La nueva pareja de Pablito no tenía una buena relación con Nacarino, es por ello que luego de la muerte de este ocurrida en la década de los ochenta, el aprendiz con la esposa se enfrascaron en una disputa por la herencia intelectual. La viuda acusaba en los tribunales a Nacarino de desempeñar y comercializar sin su autorización los productos que su maestro Pablo le había enseñado a elaborar. En ese tiempo, al igual que su maestro, Nacarino curaba a personas de diferentes lugares sin pedir dinero a cambio de ese servicio. Solo pedía una colaboración. Pero cuando enviaba a otros lugares, hacía paquetes y los despachaba por dos o tres soles.
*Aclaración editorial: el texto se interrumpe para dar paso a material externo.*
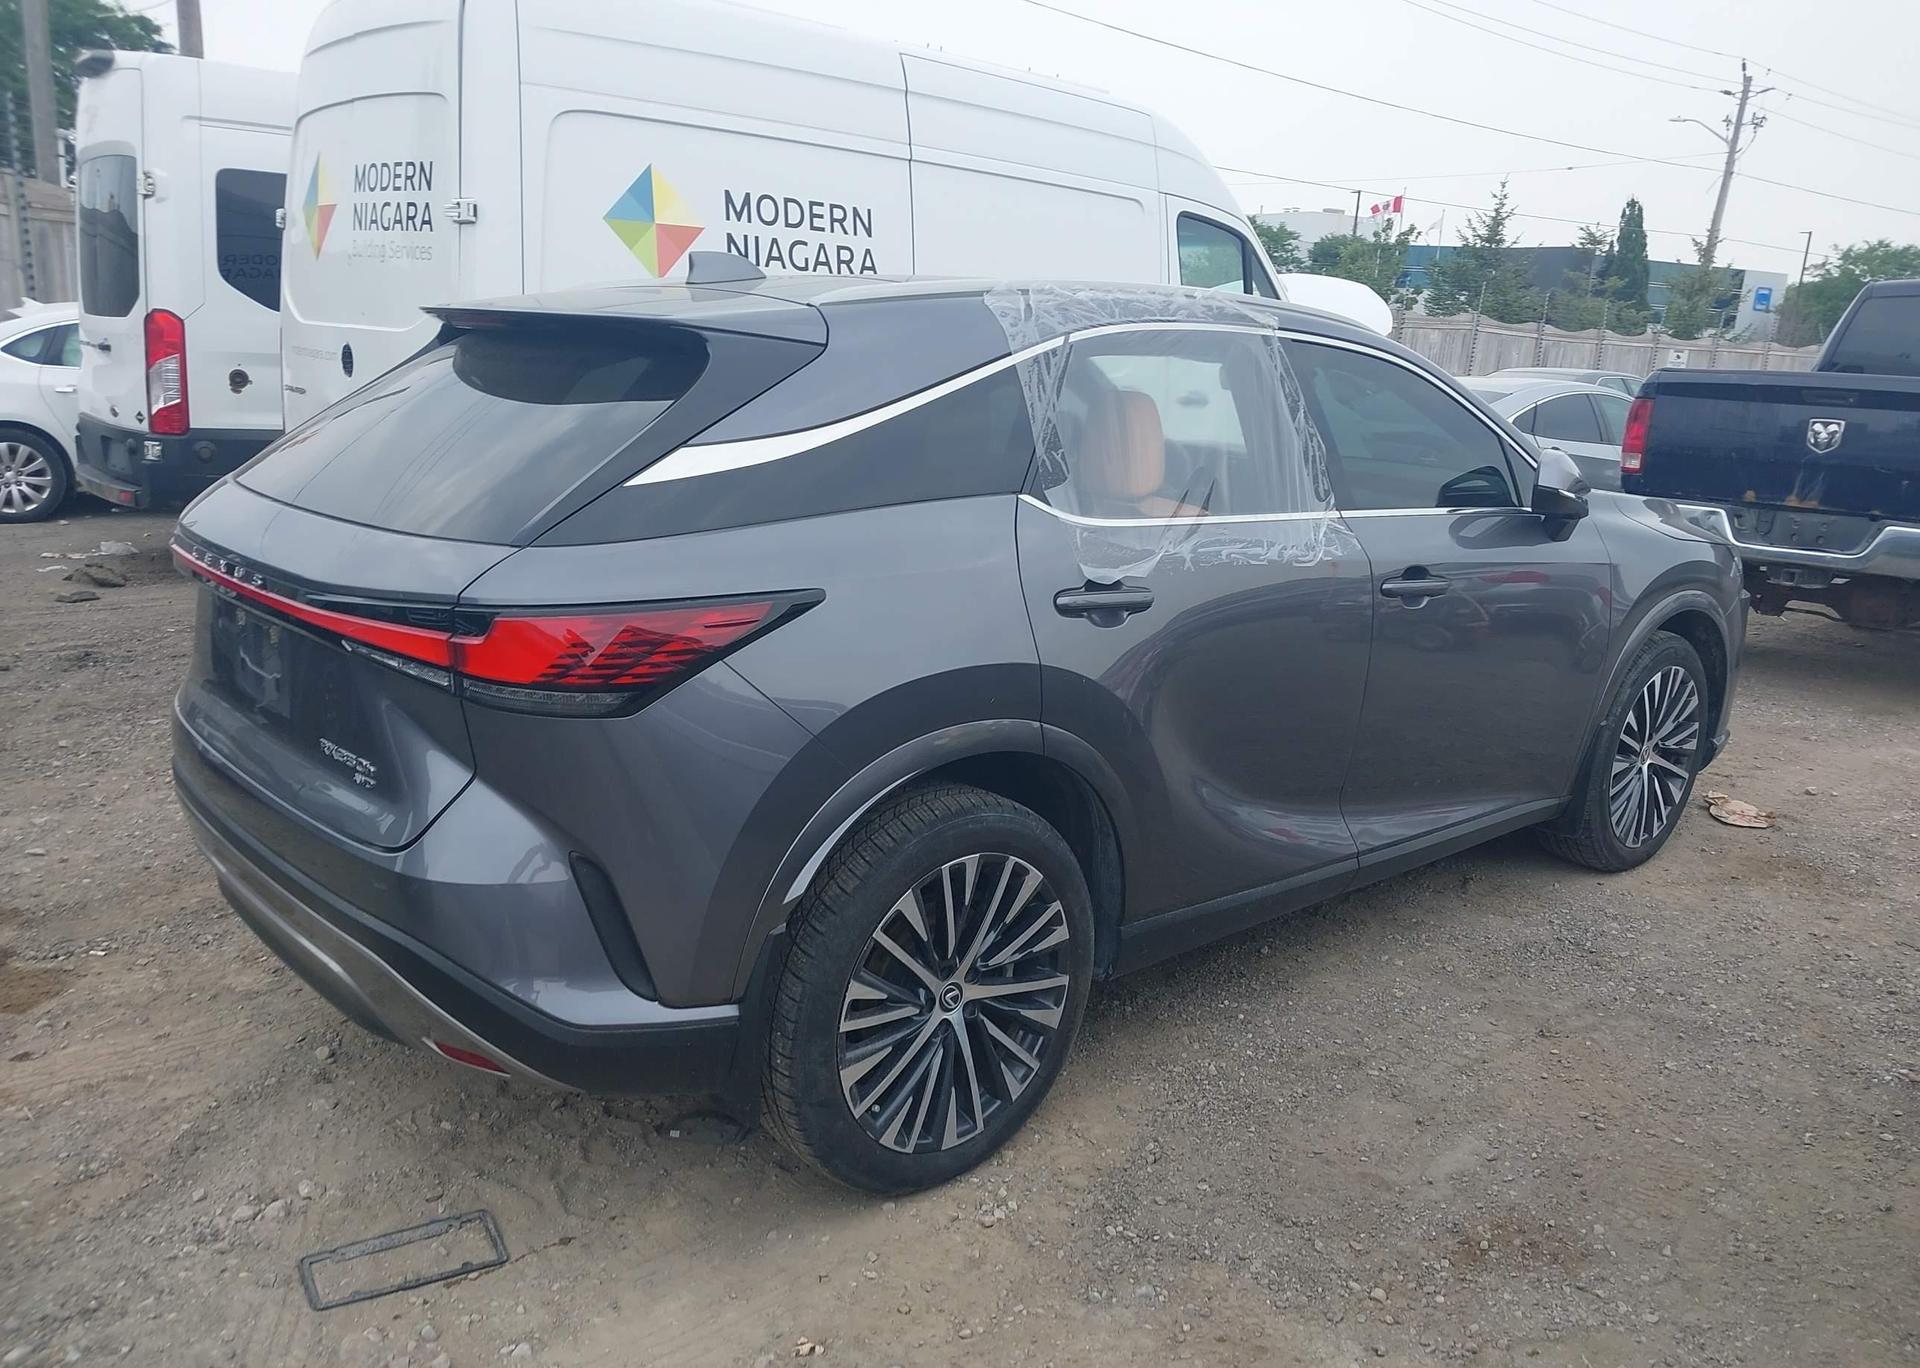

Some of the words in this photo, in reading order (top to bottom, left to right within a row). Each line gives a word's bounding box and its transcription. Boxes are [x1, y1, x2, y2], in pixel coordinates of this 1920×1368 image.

[354, 161, 434, 193] MODERN
[352, 201, 434, 232] NIAGARA
[724, 189, 873, 238] MODERN
[388, 239, 433, 261] Services
[725, 232, 878, 275] NIAGARA
[192, 545, 264, 586] LEXUS
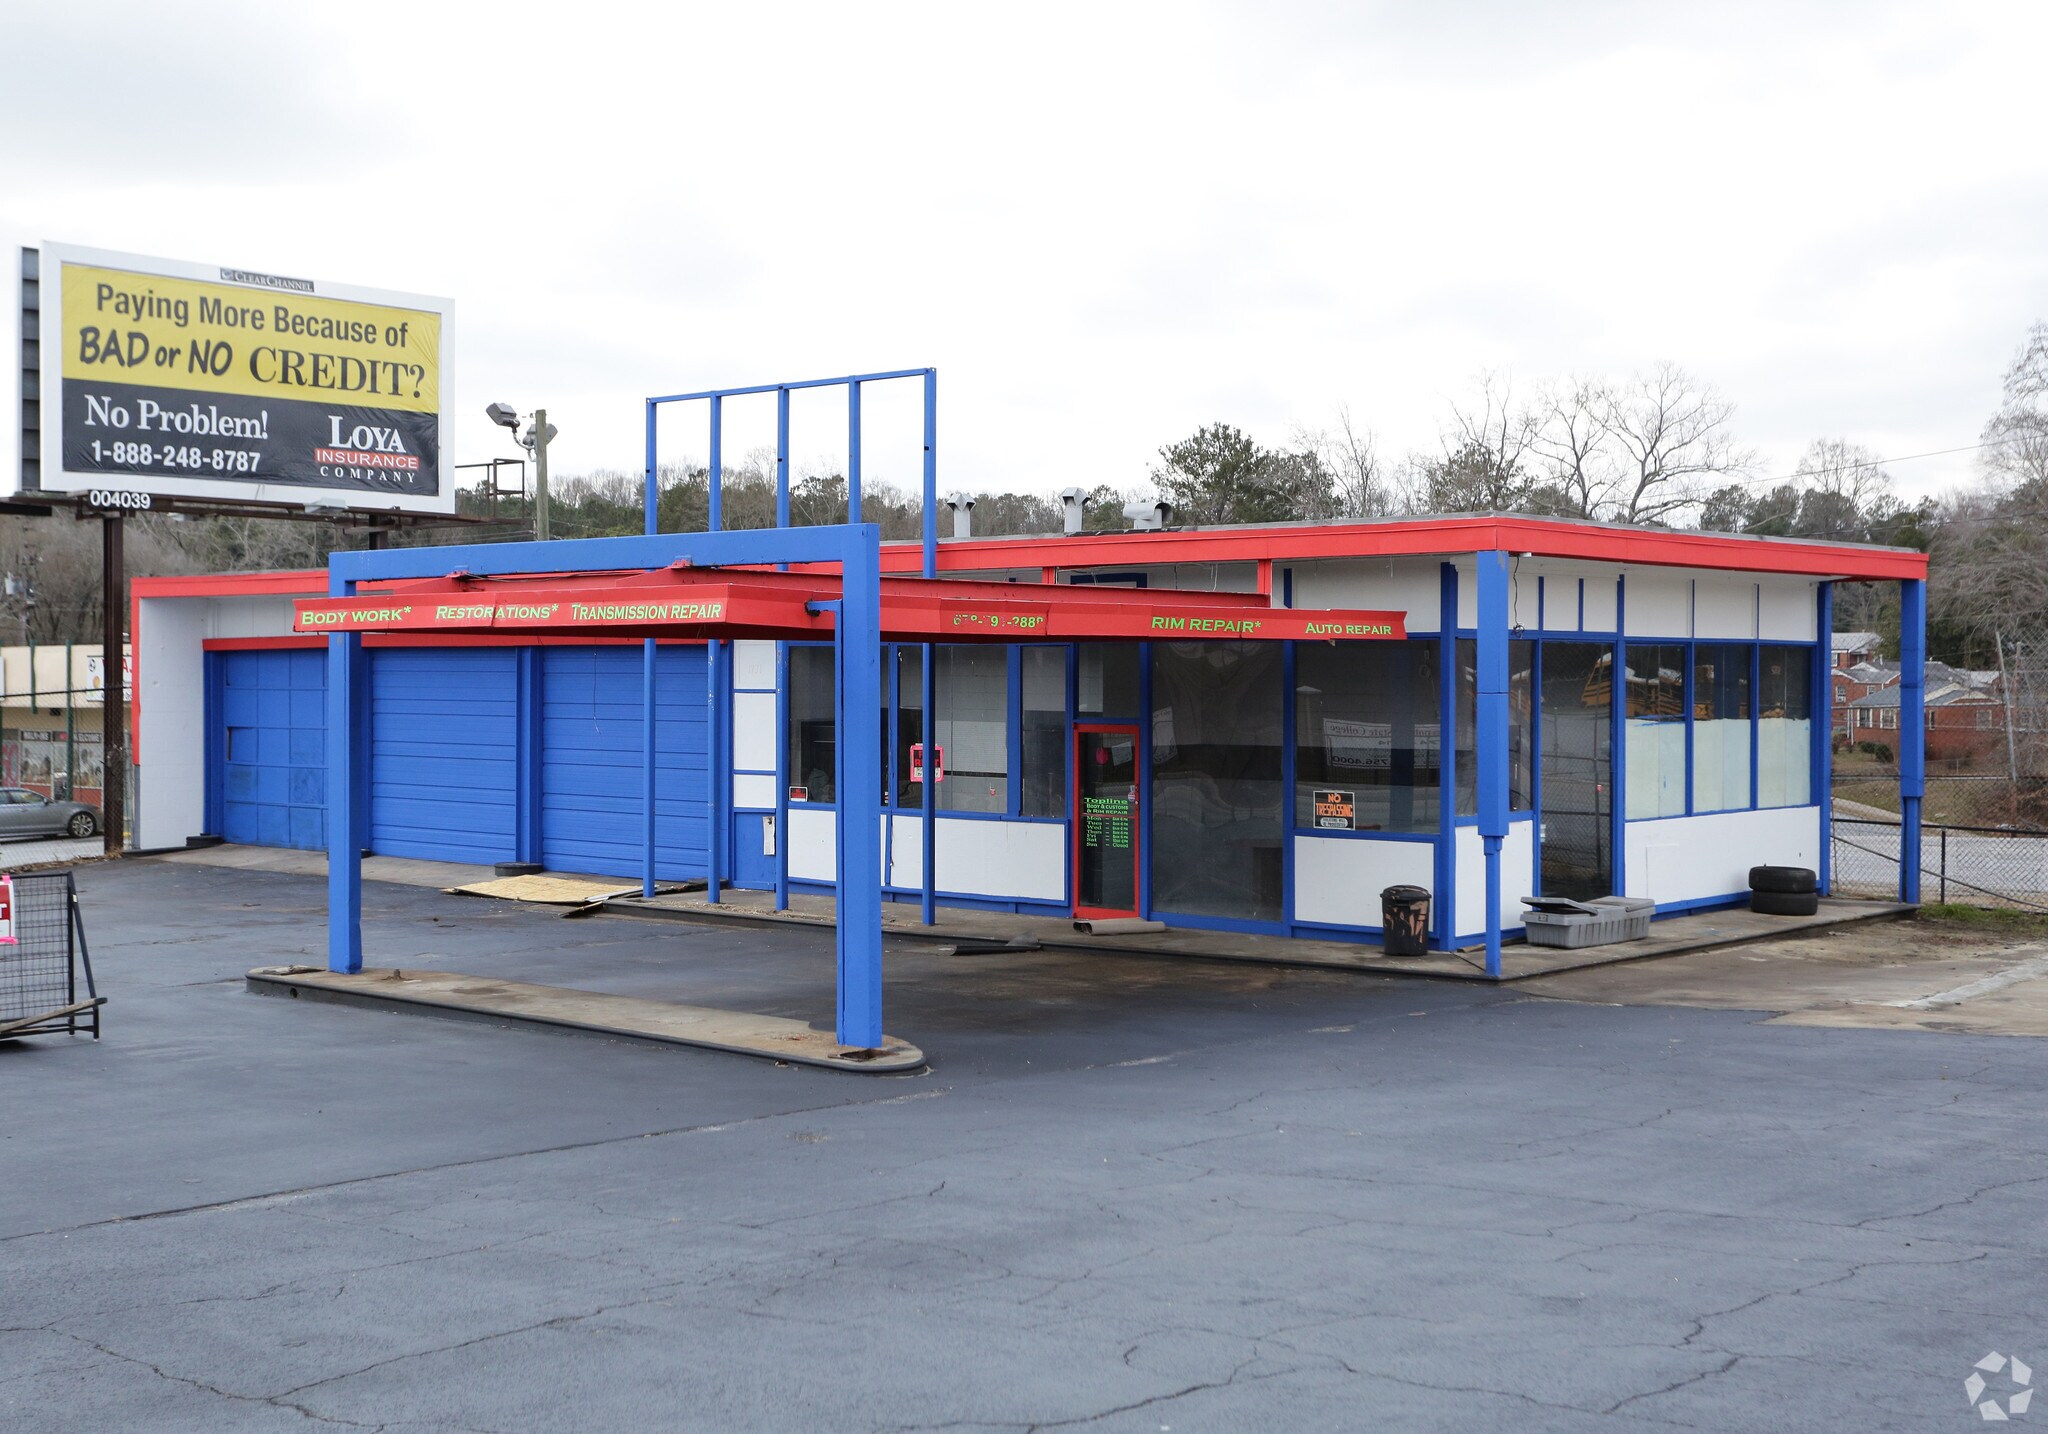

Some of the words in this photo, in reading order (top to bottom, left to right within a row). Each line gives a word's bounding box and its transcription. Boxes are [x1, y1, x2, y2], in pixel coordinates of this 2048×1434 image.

[97, 283, 189, 328] Paying
[199, 296, 265, 331] More
[274, 305, 377, 344] Because
[385, 322, 408, 347] of
[79, 326, 149, 368] BAD
[155, 346, 181, 368] or
[188, 339, 233, 376] NO
[249, 346, 425, 399] CREDIT?
[84, 394, 130, 429] No
[137, 398, 269, 440] Problem!
[328, 414, 407, 453] LOYA
[91, 439, 261, 473] 1-888-248-8787
[316, 449, 418, 470] INSURANCE
[320, 465, 415, 483] COMPANY
[89, 490, 151, 510] 004039
[301, 611, 347, 625] BODY
[571, 603, 667, 620] TRANSMISSION
[670, 604, 722, 619] REPAIR
[1151, 616, 1185, 630] RIM
[1305, 622, 1343, 635] AUTO
[1346, 624, 1392, 635] REPAIR
[1328, 793, 1342, 803] NO
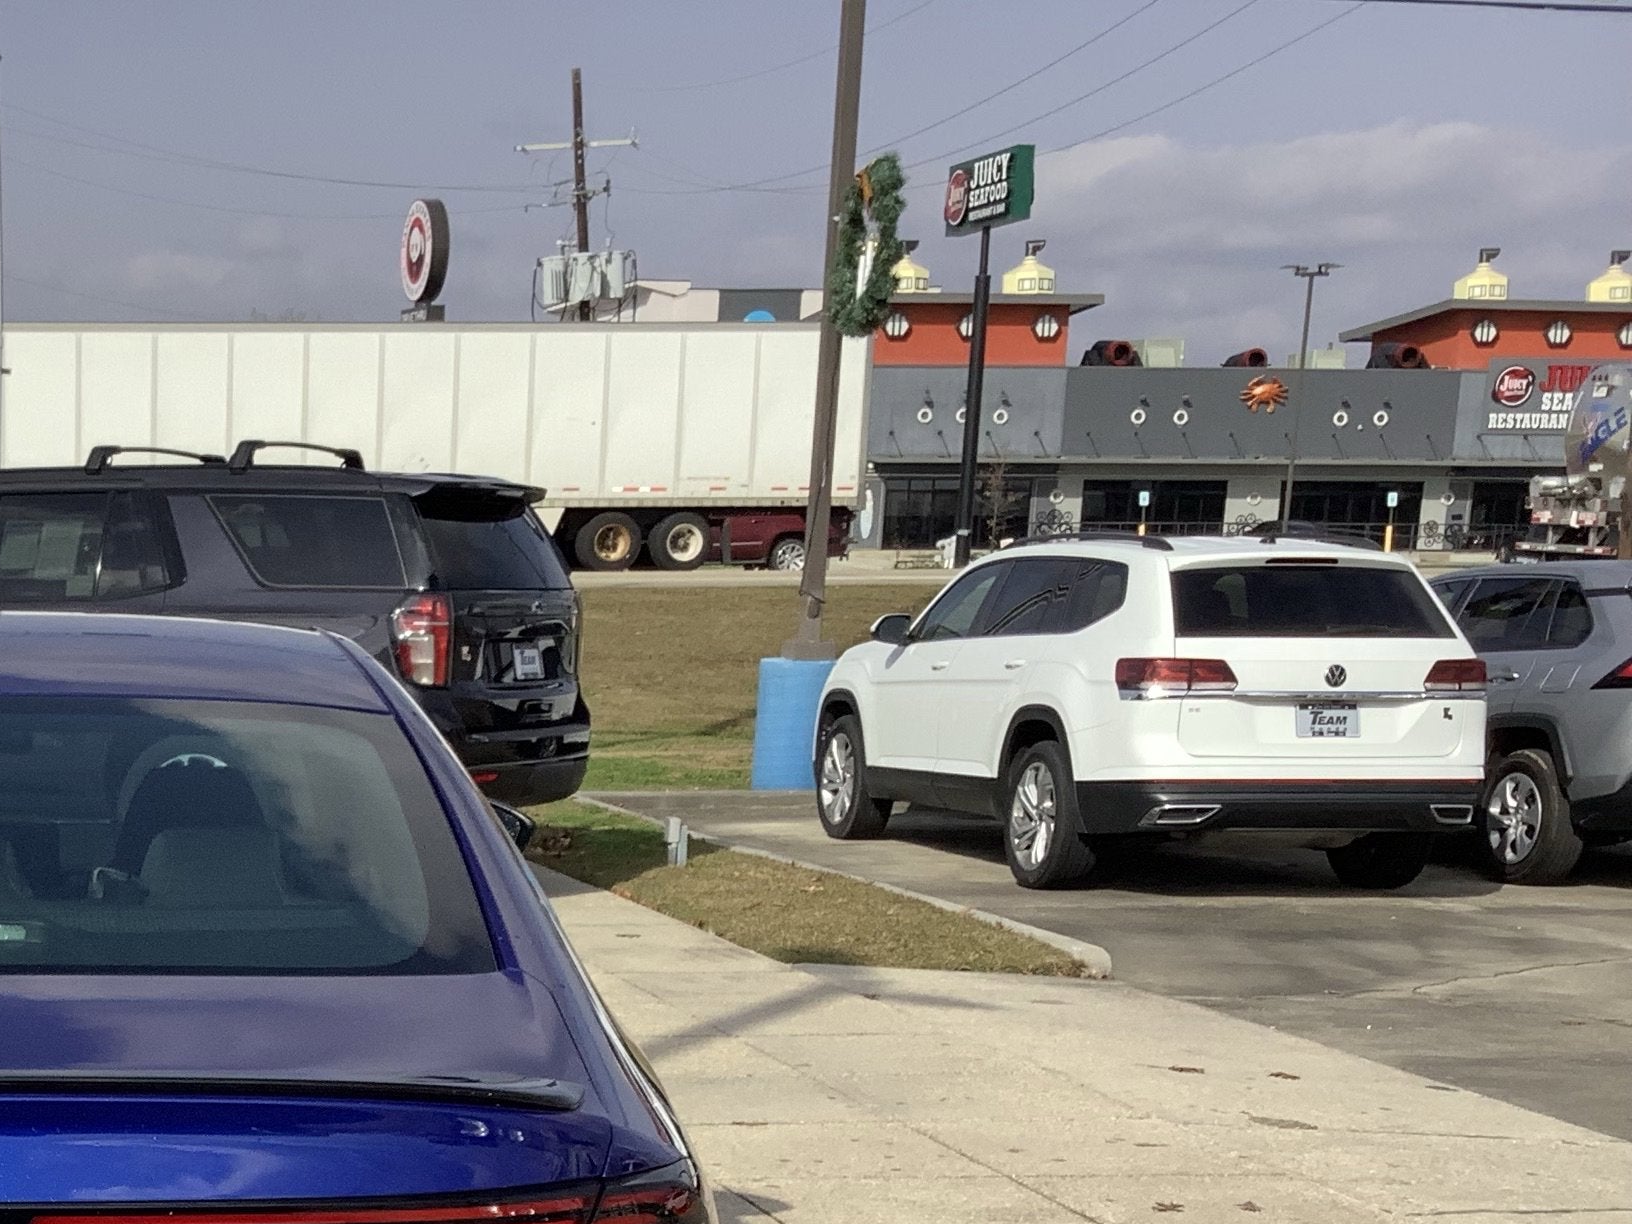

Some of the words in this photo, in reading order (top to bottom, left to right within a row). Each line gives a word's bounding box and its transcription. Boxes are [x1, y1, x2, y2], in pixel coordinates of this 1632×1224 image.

La disputa duró años y llegó a extremos, ambos se ‘chicoteaban’, que es usar las cartas para desearse el mal. Se hacían ‘daño’, porque uno quería quedarse con los clientes. Al final el problema se solucionó con el apoyo de las personas a las que Nacarino había ayudado a sanarse, pues debido a los constantes cierres del local, pidieron mediante un memorial que este señor pueda trabajar de herbolario. Poco tiempo después de esto, la viuda de don Pablo falleció.

Peroles y ungüentos

Nacarino atendió todos los días de cinco de la mañana a seis de la tarde, durante más de treinta años en su local del barrio de Mantaro. Ahí tenía un perol enorme como un fregadero, donde preparaba junto a su ayudante, sus ‘tomas’ de hiervas medicinales que buscaba y recolectaba en la selva virgen los meses de julio y agosto. Con estas plantas hacía también curaciones, ungüentos, flotaciones, purgantes y aerosoles para la congestión de las narices y garganta.

‘El Doctor’ llegó a curar enfermedades y males como cáncer a la sangre, bronquios, cólicos, hepatitis, sustos, ataques al corazón, curaba la ceguera, enfermedades del hígado, presión alta, etc. Pero también era consciente de sus limitaciones, es por ello que cuando no podía remediar  la dolencia decía “vayan a otro sitio”.

Silencios y llantos

El herbolario Nacarino, murió hace dos años, y su expiración fue trágica. Perdió la vida al caerse de las escaleras de su casa de la urbanización San Isidro. Las personas que vivieron   este acontecimiento resaltan lo rápido, hermético y secreto de su entierro. Pues en menos de 24 horas de ocurrida su muerte, Nacarino fue velado en su hogar y enterrado en un lugar desconocido.

Las personas a las que ‘el doctor’ atendió no pudieron estar en su despedida. Se enteraron cuando encontraron una nota pegada en la puerta del local de Mantaro que anunciaba la muerte del herbolario. Sus pacientes le lloraron tarde, días después de que, dentro de un ataúd, el cuerpo de uno de los personajes más queridos del barrio los visitara por última vez.